If the velocity change threshold value of step 62 is not exceeded, the 
velocity change value of step 60 is compared in step 56 with a time-based 
reset threshold value obtained from a look up table value at step 53 for 
the appropriate time into the crash event. If the vehicle change value of 
step 60 drops below the reset threshold value of step 53, as determined by 
a COME function in step 56, the sensed vehicle impact is determined to 
be of a minor nondeployment type. If such is the case, the algorithm 
reinitializes at step 31. If, however, the velocity change value of step 
60 remains above the reset threshold value of step 53, calculation of the 
velocity change value repeats until the velocity change value drops below 
the reset threshold value or a crash event is no longer sensed by step 64. 
FIG. 4 is a graph of time vs. velocity change curves for a vehicle 
experiencing various types of severe crash events, incorporating multiple 
time-based reset threshold levels 70 and 71. 
Referring back to FIG. 3, if both the oscillation measure and velocity 
change values exceed their respective deployment threshold boundary 
values, a severe deployment-type crash event is identified and an airbag 
deployment enable command is generated at step 66. If only one, or 
neither, of the thresholds are exceeded, no deployment command is enabled. 
In accordance with the present invention, the acceleration data accumulated 
during a predetermined time period following the onset of a crash event is 
used to assist in an initial determination as to the severity of the crash 
event, identifying a certain category of nondeployment type minor crash 
incidents. If unable to identify the current crash event as of this 
category, the algorithm continues by making a definite determination in 
accordance with a two-part criteria. To prevent misleading acceleration 
data from being used in determining deployment, future calculations of 
certain crash severity parameters discard acceleration data generated 
during the predetermined time period. 
As noted earlier, the acceleration data during the initial stages of a 
crash event can be misleading, with the value of deceleration during a 
minor crash incident being greater than that of a severe crash event, 
increasing the values of the corresponding crash severity parameters used 
for deployment of the airbag. For this reason, deployment threshold values 
must be maintained at a certain level to prevent inadvertent deployment. 
However, incorporating the filtering technique 30 of the present invention 
into a crash sensing system, deployment threshold levels can be lowered to 
increase sensitivity of the safety devices without sacrificing immunity to 
inadvertent actuation during minor crash incidents. 
FIGS. 5 and 6 illustrate graphs of time vs. velocity change curves for a 
vehicle experiencing various types of minor and severe crash events, 
respectively, the vehicle employing a crash sensing methodology utilizing 
the filtering technique of the present invention. Comparing FIG. 5 with 
FIG. 2, and FIG. 6 with FIG. 3, the influence of the filtering technique 
of the present invention on the corresponding velocity curves can be seen. 

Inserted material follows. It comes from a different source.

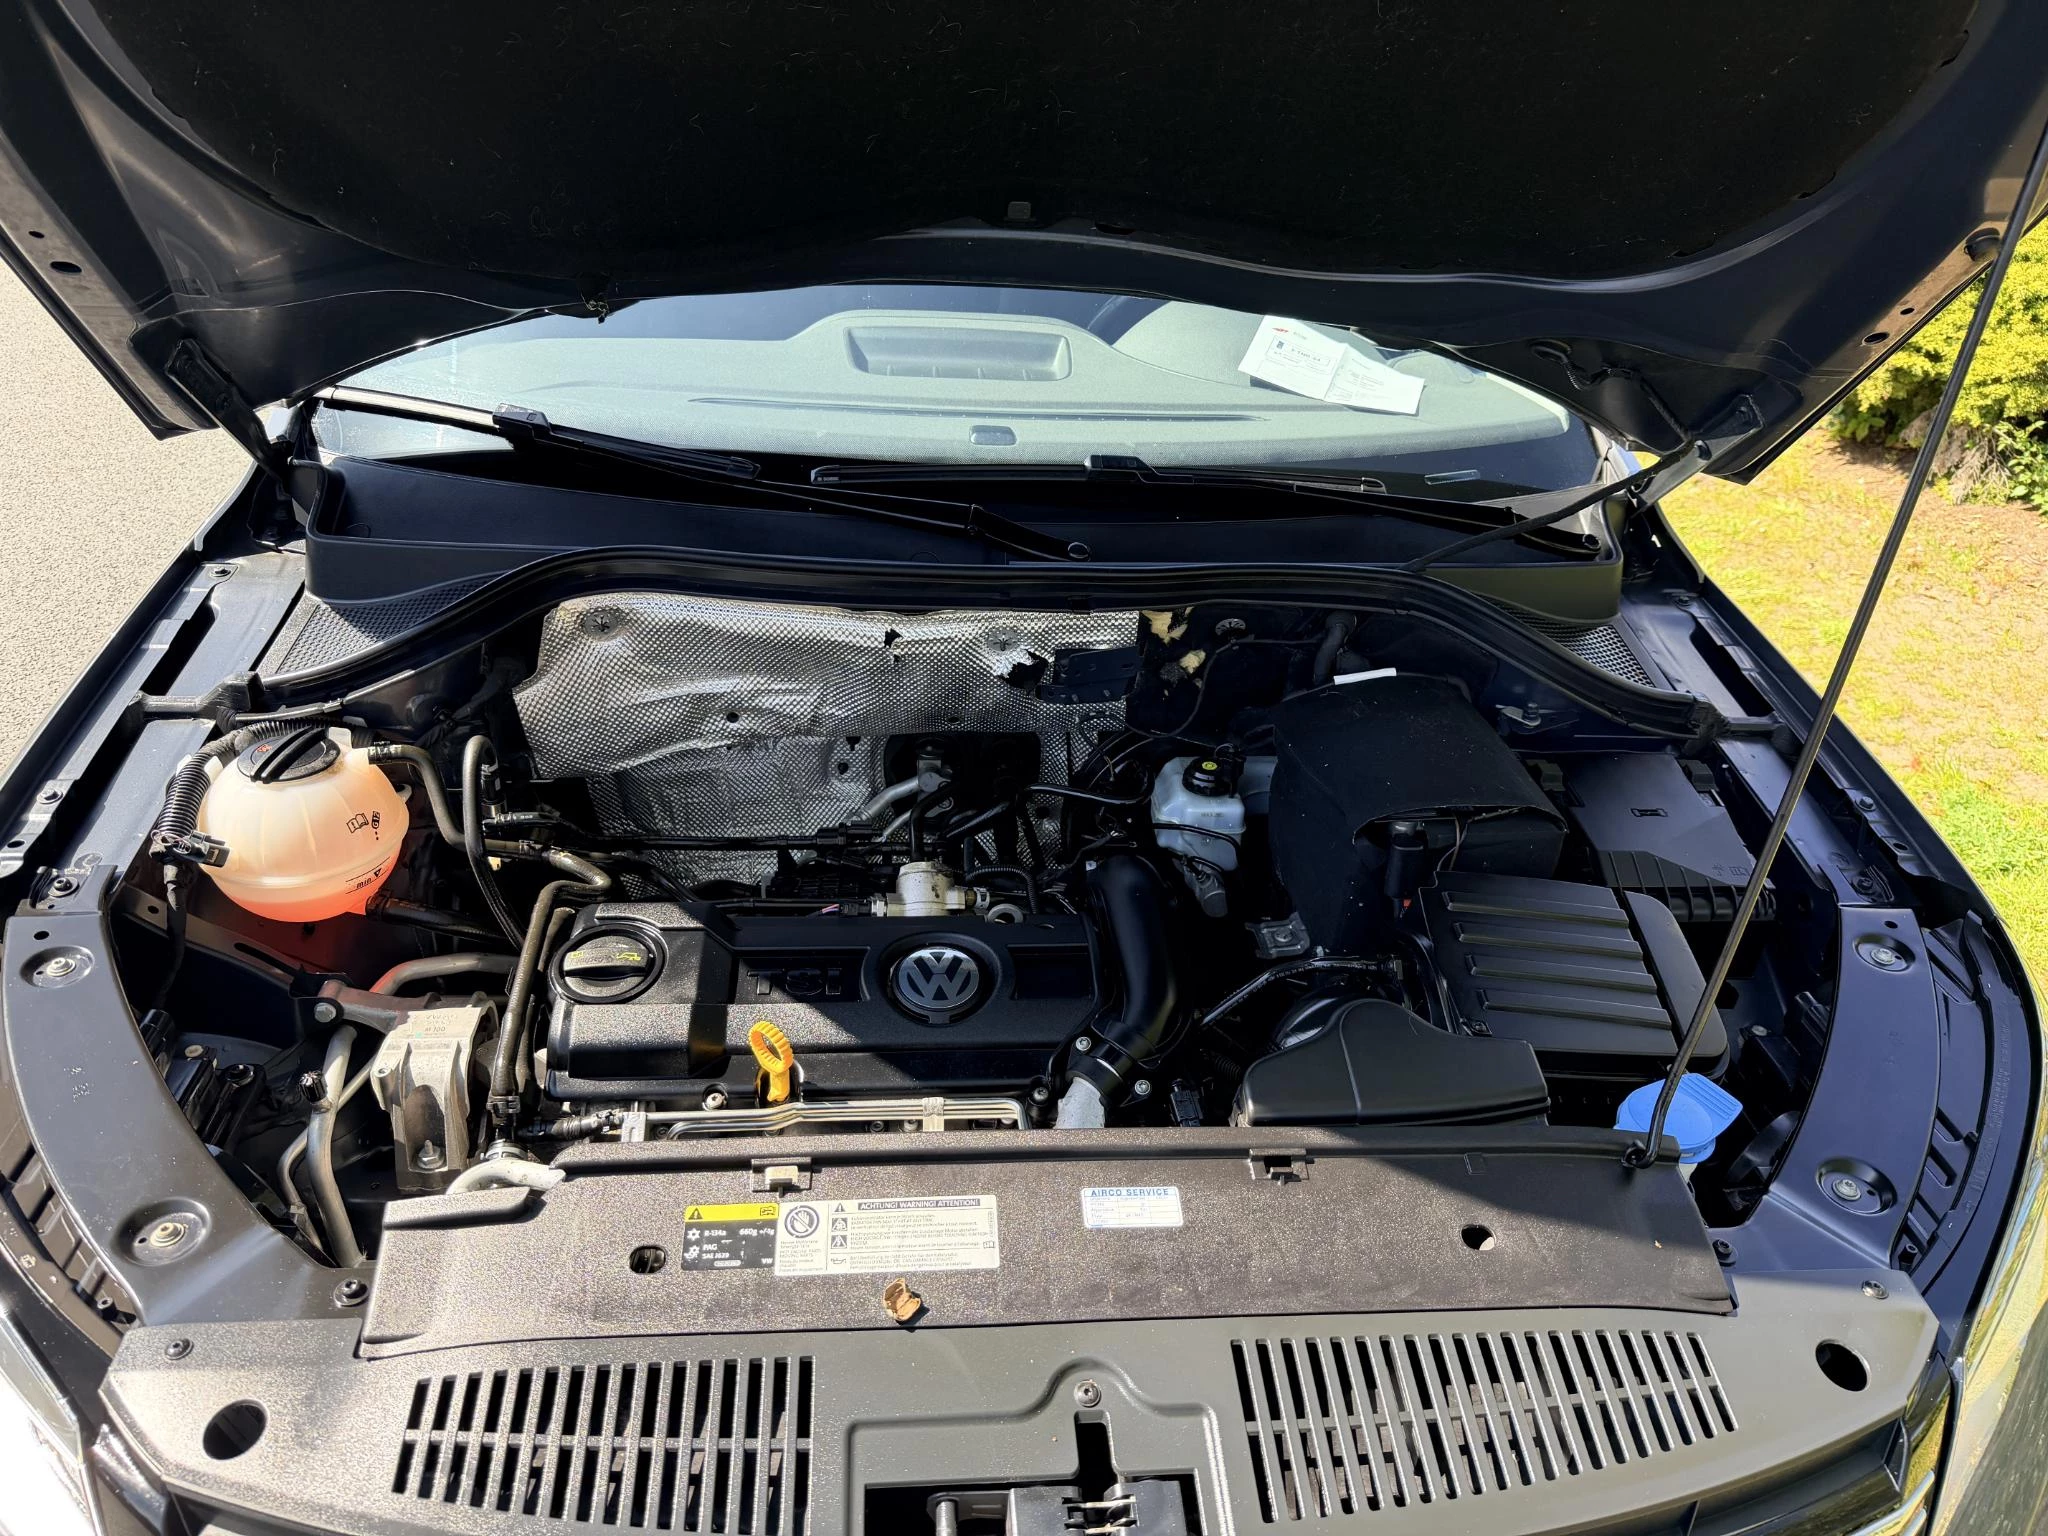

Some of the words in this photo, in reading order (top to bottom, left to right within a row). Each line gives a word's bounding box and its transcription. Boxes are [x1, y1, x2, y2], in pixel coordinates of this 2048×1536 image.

Note that the velocity boundary curves (VBC) can be lowered considerably. 
Although the crash sensing system of the preferred embodiment utilizes 
vehicle velocity change and oscillation measure as crash severity 
parameters, the filtering technique of the present invention can be 
incorporated into any crash sensing system utilizing crash severity 
parameters other than those described. 
While the present invention has been described in reference to the 
illustrated embodiments, it will be recognized that various modifications 
will occur to those skilled in the art. In this regard, it will be 
understood that methods incorporating such modifications may fall within 
the scope of this invention which is defined by the appended claims.